Some of us can live in near or total isolation and function well, but most cannot. It can be helpful to have a powerful reminder of what's waiting if you don't at least make an effort to come to grips with what's keeping you isolated, if it isn't something that genuinely brings you peace of mind.
posted by ryanshepard at 5:46 PM on June 28, 2015 [43 favorites]


Absent a full demographic accounting (as linked in the article: Japanese bureaucrats admitted 18 months ago that they had lost track of nearly a quarter-million people over 100 years old...)

... I'm inclined to read this as a bookending of the Japanese population with people who are abandoned and forgotten as they age on one end, and then the people at the other end of the age spectrum who just say "Why bother? I've seen what this gets you" (the hikikomori).

It makes me wonder what we all gave up when we left the villages and moved to the cities. It's an example of a "first world" problem.

Longer lifespans will do that. But it's how we treat people that's the fundamental question.

From the article:

Further into the apartment, the living room is stacked high with clutter and indolence.

and

The room is littered with these shrines to domestic irresponsibility.

I get the sense from the author that this couldn't be him, ever. Oh, no. Unlike the subject of the story, who seemed to get it.

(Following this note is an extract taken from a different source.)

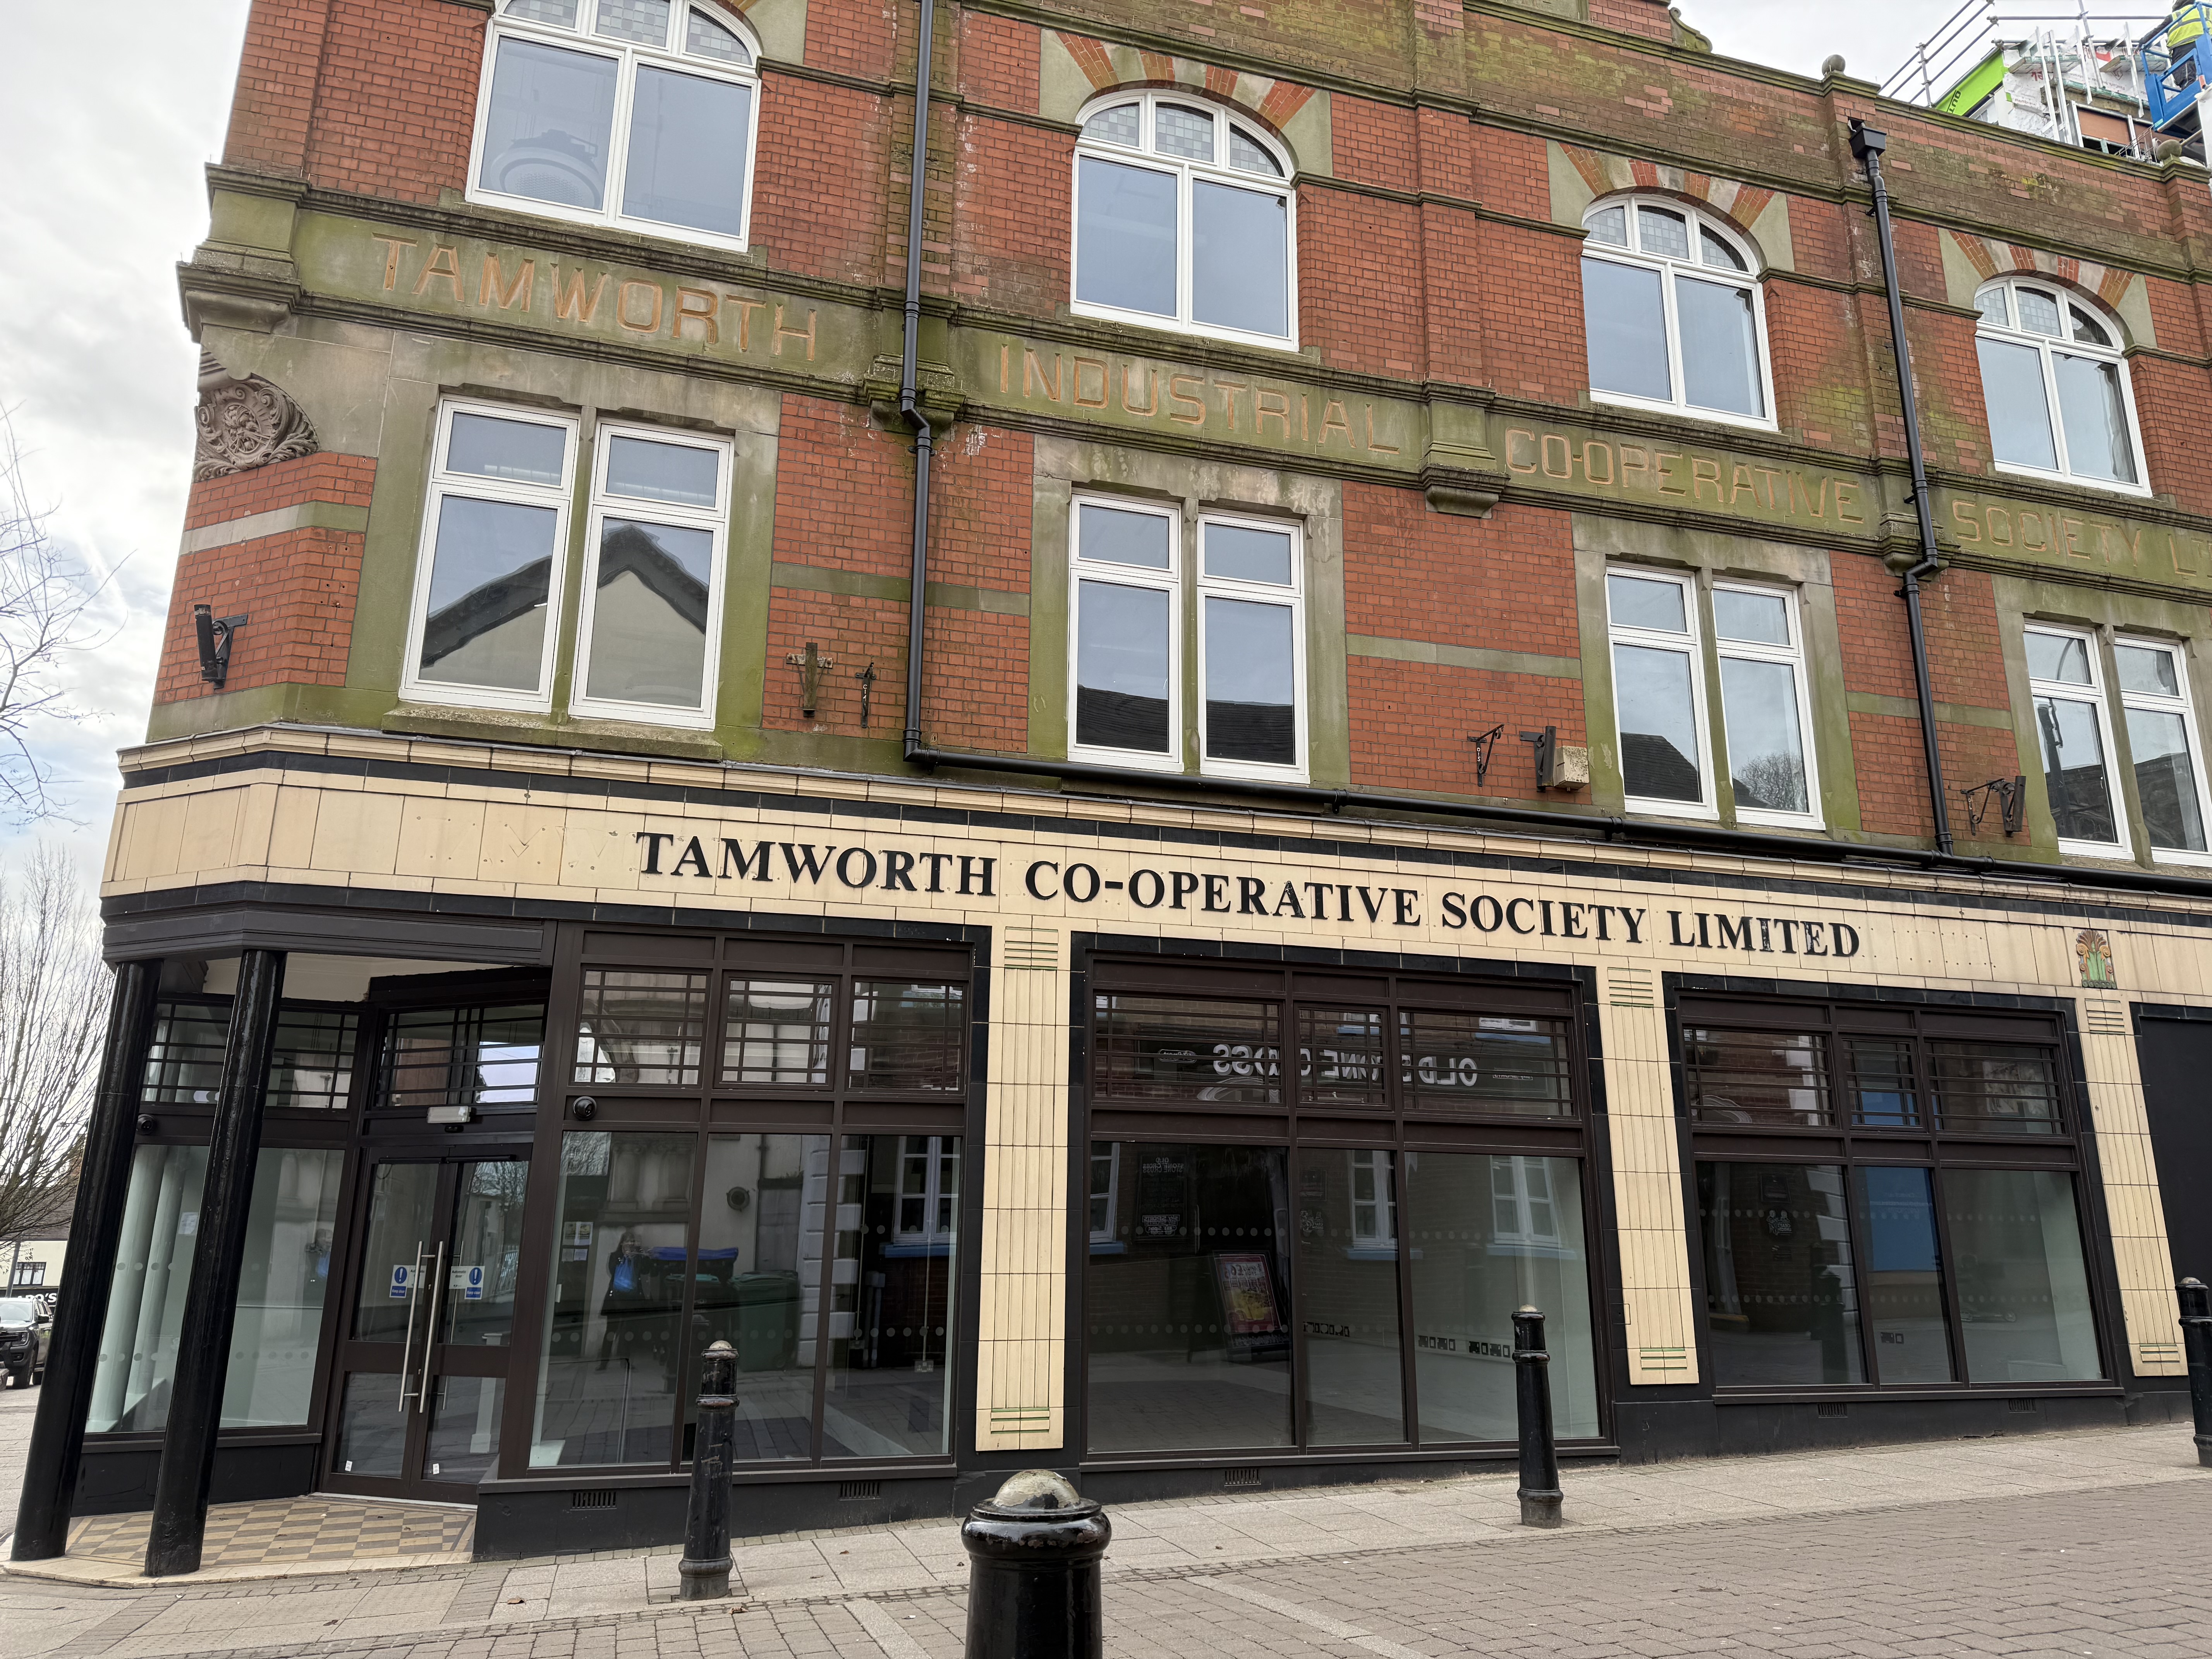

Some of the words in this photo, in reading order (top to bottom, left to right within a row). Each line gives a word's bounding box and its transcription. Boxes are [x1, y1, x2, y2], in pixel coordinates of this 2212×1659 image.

Yet at the same time, he acknowledges the sort of things that went into this dead fellow's sense of identity as a worker, and how he built up his identity around that. When that went away, he was left with nothing to live for. I mean, we will never know who "Haruki Watanabe" was or exactly what his life was like. But the details we have suggest his life was average, I guess? He bought into the prevailing work ethic, and then was battered by economic circumstances not of his making despite working his butt off and devoting his life to the company.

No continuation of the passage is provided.